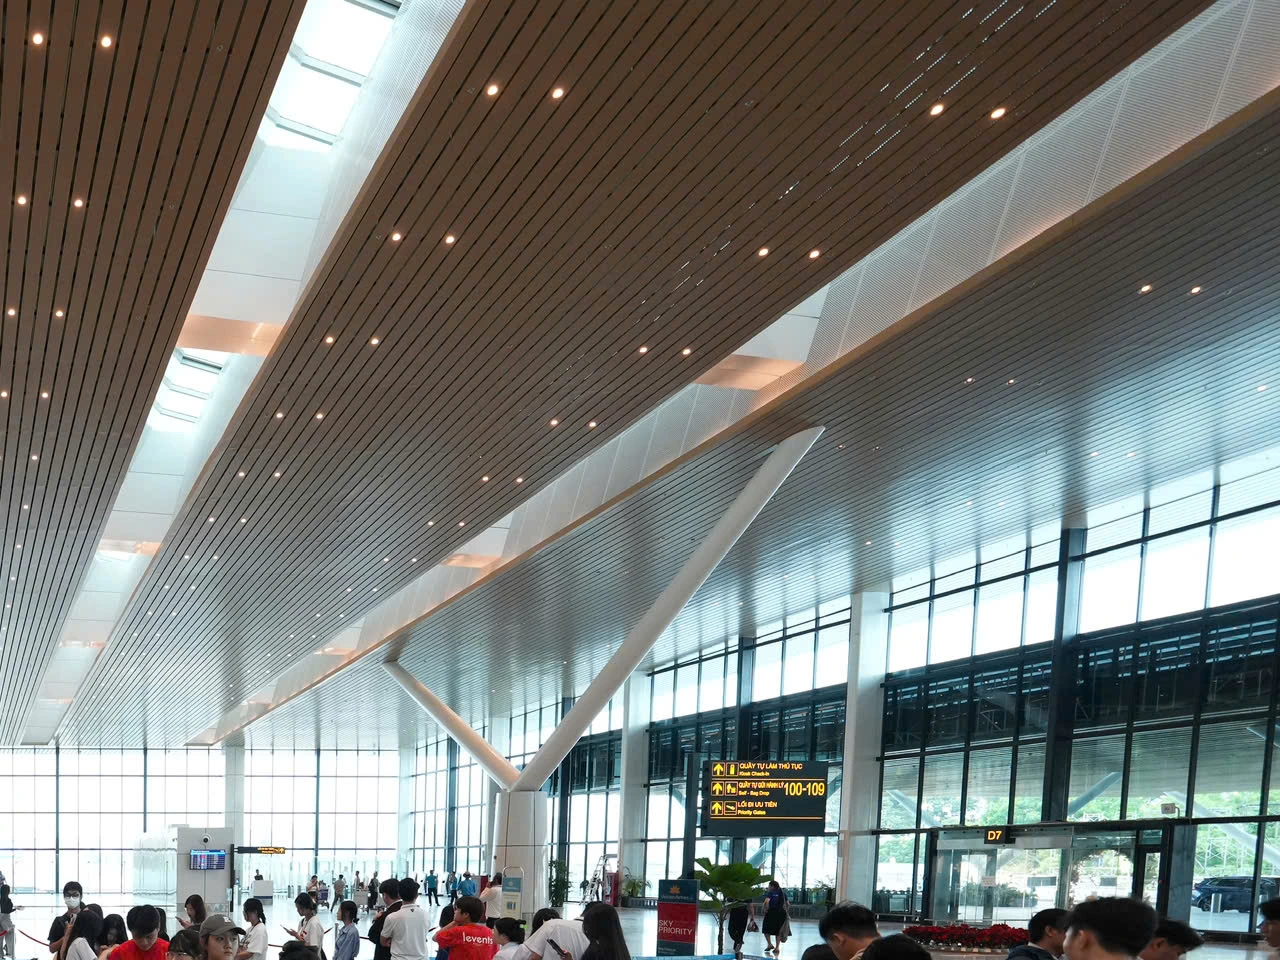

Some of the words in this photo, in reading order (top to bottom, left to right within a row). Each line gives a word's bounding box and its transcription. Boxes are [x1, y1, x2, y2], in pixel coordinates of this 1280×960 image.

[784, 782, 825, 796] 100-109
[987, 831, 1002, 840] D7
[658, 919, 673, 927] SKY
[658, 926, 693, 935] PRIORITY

• [YOUR INSTRUCTIONS]:
Every line of the material must be repeated exactly; pictures stay out.

• [WRITTEN REPLY]:
Some of the words in this photo, in reading order (top to bottom, left to right within a row). Each line gives a word's bounding box and its transcription. Boxes are [x1, y1, x2, y2], in pixel coordinates of this 1280×960 image.

[784, 782, 825, 796] 100-109
[987, 831, 1002, 840] D7
[658, 919, 673, 927] SKY
[658, 926, 693, 935] PRIORITY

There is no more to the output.